** TO DO **
Could you transcribe every record below exactly as written, excluding the pictures?

--- START ---

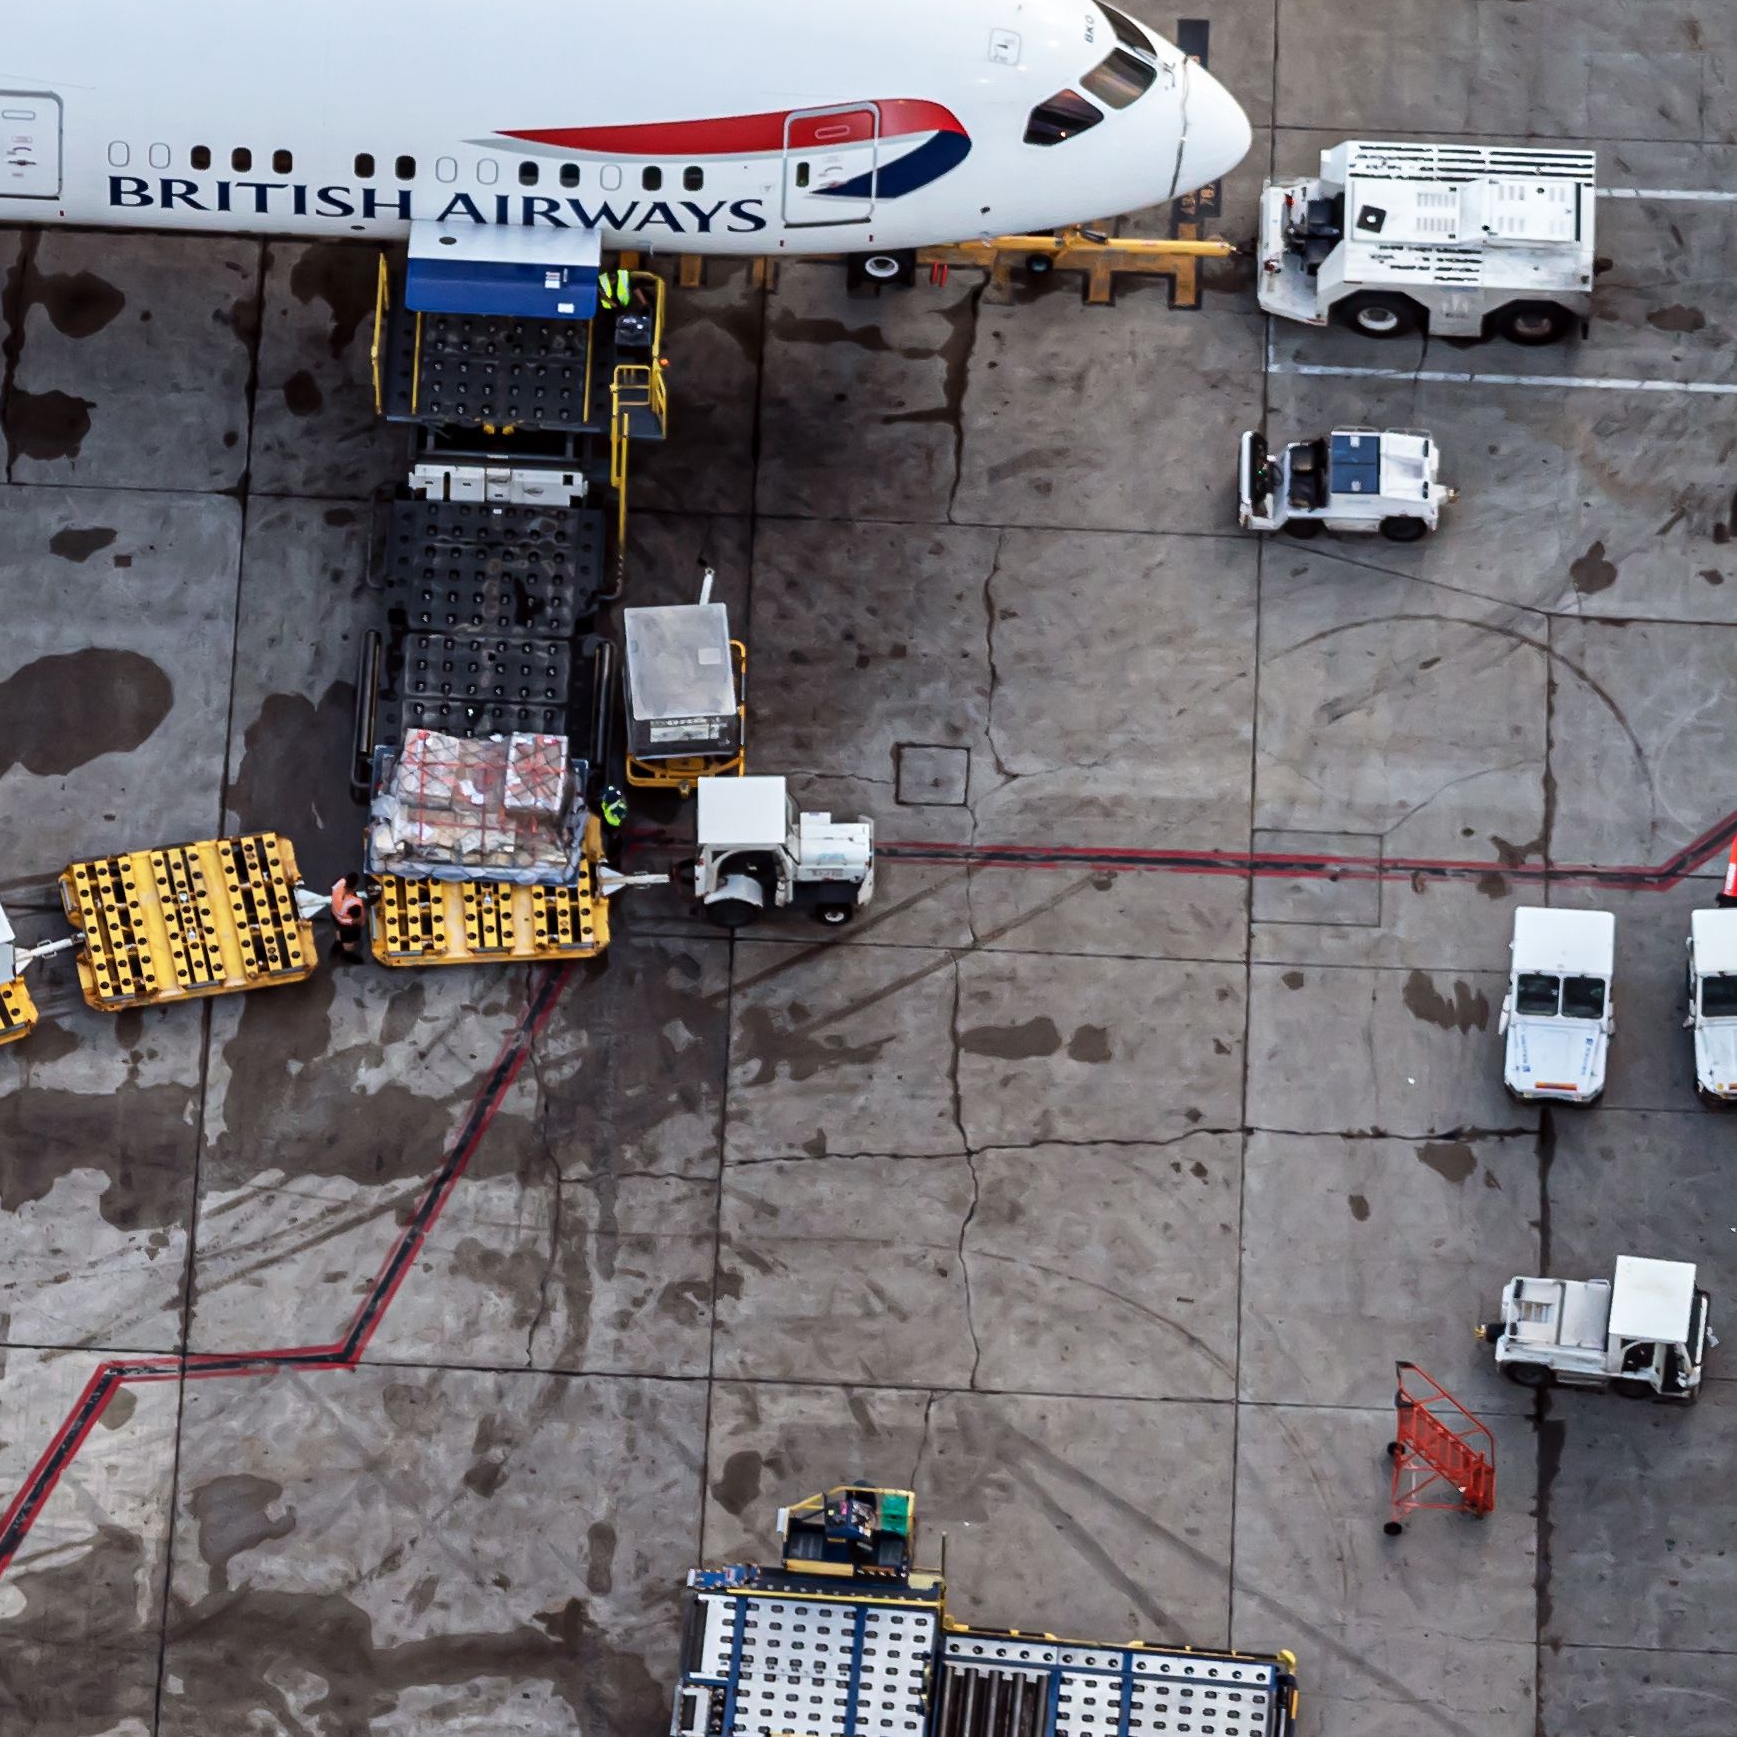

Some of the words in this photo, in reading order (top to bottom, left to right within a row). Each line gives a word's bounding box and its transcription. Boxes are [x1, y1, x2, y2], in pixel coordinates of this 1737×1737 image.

[1085, 14, 1096, 43] BKO
[106, 174, 414, 223] BRITISH
[434, 193, 768, 234] AIRWAYS
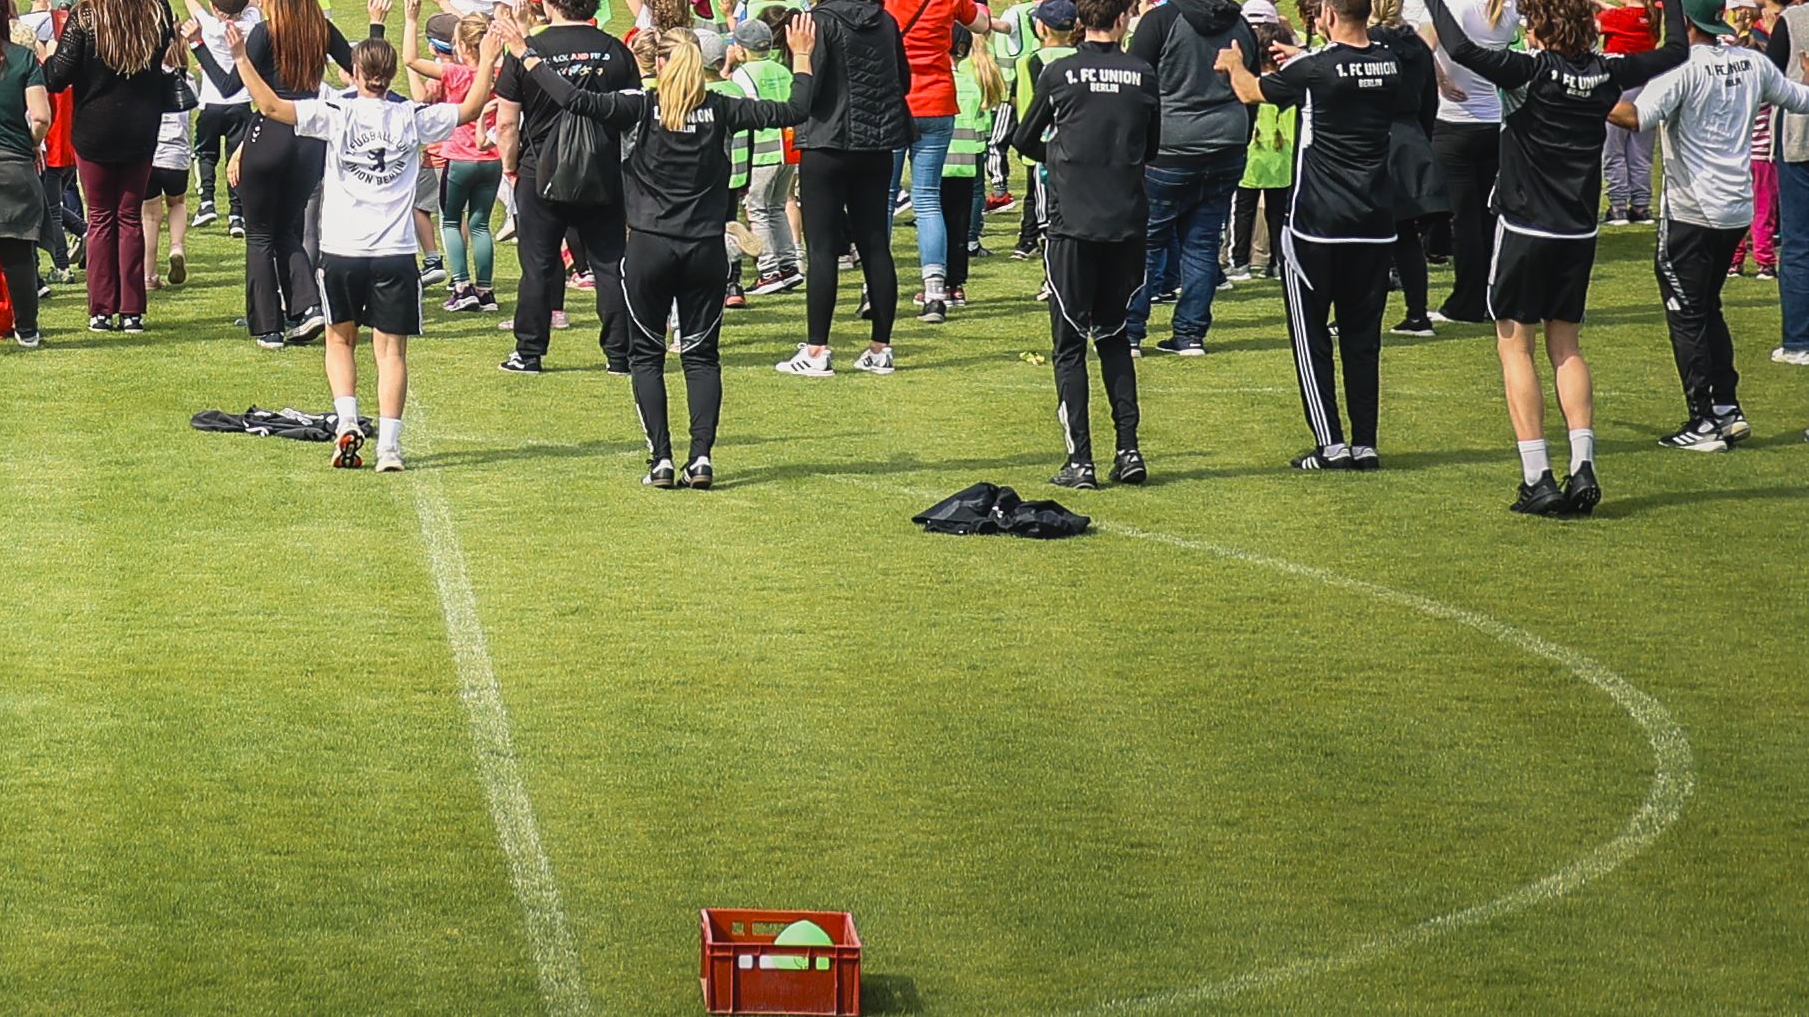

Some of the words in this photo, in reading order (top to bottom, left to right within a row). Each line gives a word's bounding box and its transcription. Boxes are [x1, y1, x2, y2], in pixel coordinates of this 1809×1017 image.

[570, 52, 590, 61] AND
[1065, 69, 1078, 85] 1.
[1080, 68, 1097, 83] FC
[1099, 69, 1142, 86] UNION
[1336, 64, 1348, 77] 1.
[1349, 63, 1363, 77] FC
[1363, 61, 1398, 77] UNION
[1089, 82, 1120, 94] BERLIN
[1357, 78, 1383, 88] BERLIN
[1562, 73, 1578, 86] FC
[1578, 72, 1611, 91] UNION
[376, 160, 406, 186] BERLIN
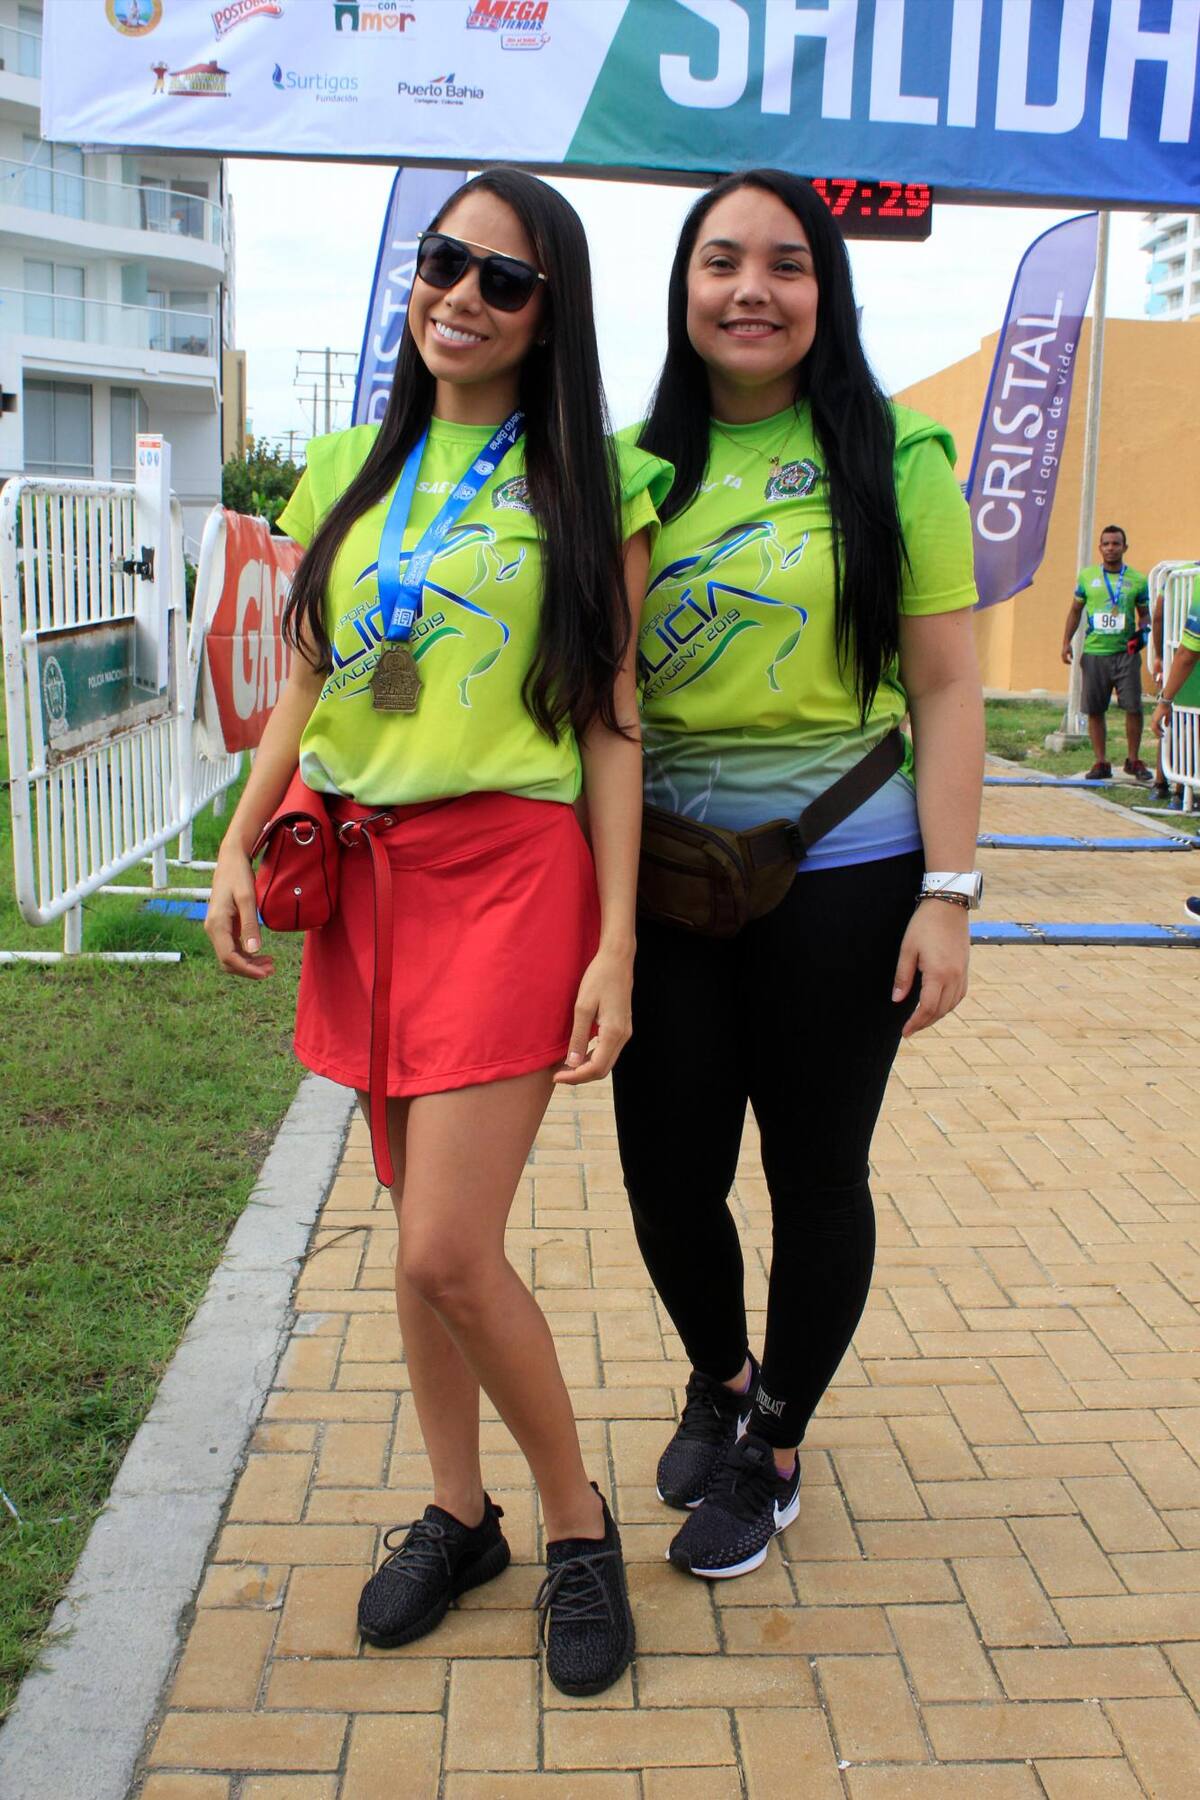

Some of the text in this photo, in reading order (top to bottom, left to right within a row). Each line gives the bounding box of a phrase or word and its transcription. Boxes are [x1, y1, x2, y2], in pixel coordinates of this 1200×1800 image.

--- END ---

** RESULT **
Some of the words in this photo, in reading order (top to bottom, left to right within a row). Each line gives a word's bounding box and its transcription. Boxes are [x1, y1, x2, y2], in pixel coordinates of this 1737×1737 image.

[1085, 14, 1096, 43] BKO
[106, 174, 414, 223] BRITISH
[434, 193, 768, 234] AIRWAYS

Some of the words in this photo, in reading order (top to bottom, left to right within a row). Each line gives a word's bounding box and its transcription. Boxes are [x1, y1, x2, y2], in pixel coordinates of this 1809×1017 image.

[570, 52, 590, 61] AND
[1065, 69, 1078, 85] 1.
[1080, 68, 1097, 83] FC
[1099, 69, 1142, 86] UNION
[1336, 64, 1348, 77] 1.
[1349, 63, 1363, 77] FC
[1363, 61, 1398, 77] UNION
[1089, 82, 1120, 94] BERLIN
[1357, 78, 1383, 88] BERLIN
[1562, 73, 1578, 86] FC
[1578, 72, 1611, 91] UNION
[376, 160, 406, 186] BERLIN

Some of the text in this photo, in reading order (top to bottom, left to right within a row). Each line gives the bounding box of a phrase or word and its transcription. Boxes are [x1, y1, x2, y2], in pixel coordinates of this 1200×1800 image.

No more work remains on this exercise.